* EXERCISE DESCRIPTION *
Once the pictures are removed, restate the data below word for word.

* SUPPLIED MATERIAL *
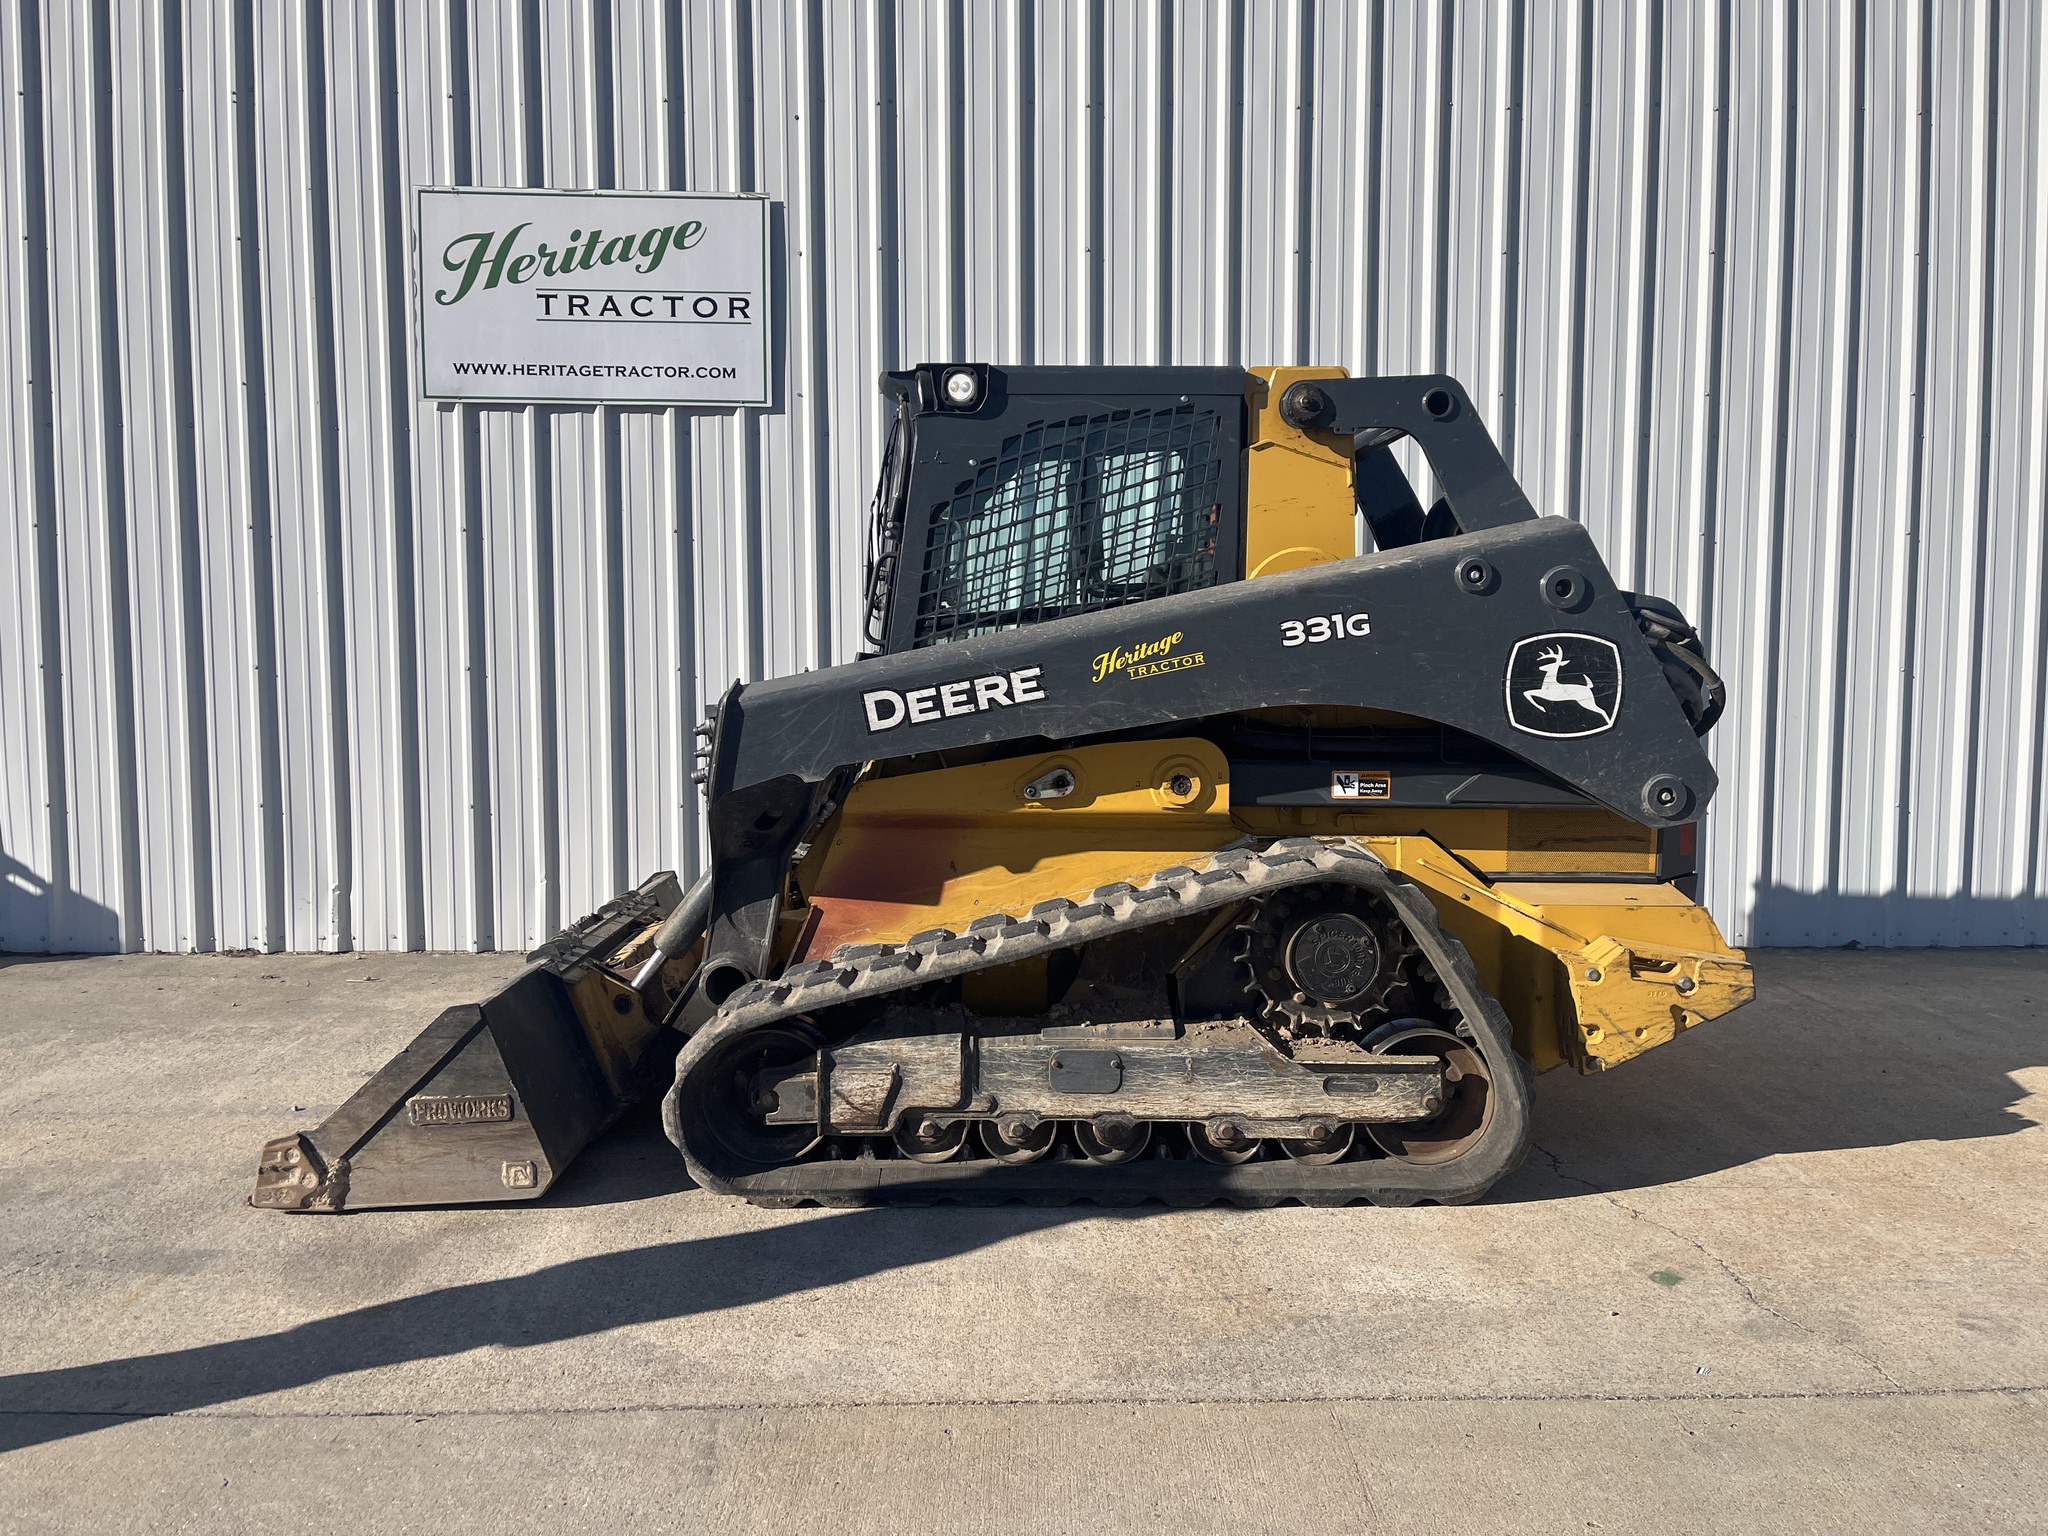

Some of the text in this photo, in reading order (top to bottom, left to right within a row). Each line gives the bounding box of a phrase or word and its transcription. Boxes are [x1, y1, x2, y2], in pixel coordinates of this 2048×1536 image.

[435, 220, 707, 306] Heritage
[536, 293, 752, 319] TRACTOR
[452, 362, 737, 379] WWW.HERITAGETRACTOR.COM
[1280, 612, 1372, 648] 331G
[1091, 630, 1184, 684] Heritage
[1127, 653, 1205, 678] TRACTOR
[862, 667, 1047, 734] DEERE
[413, 1100, 508, 1121] PROWORKS

* REPLY TO THE TASK *
Some of the text in this photo, in reading order (top to bottom, left to right within a row). Each line gives the bounding box of a phrase or word and its transcription. Boxes are [x1, y1, x2, y2], in pixel coordinates of this 2048×1536 image.

[435, 220, 707, 306] Heritage
[536, 293, 752, 319] TRACTOR
[452, 362, 737, 379] WWW.HERITAGETRACTOR.COM
[1280, 612, 1372, 648] 331G
[1091, 630, 1184, 684] Heritage
[1127, 653, 1205, 678] TRACTOR
[862, 667, 1047, 734] DEERE
[413, 1100, 508, 1121] PROWORKS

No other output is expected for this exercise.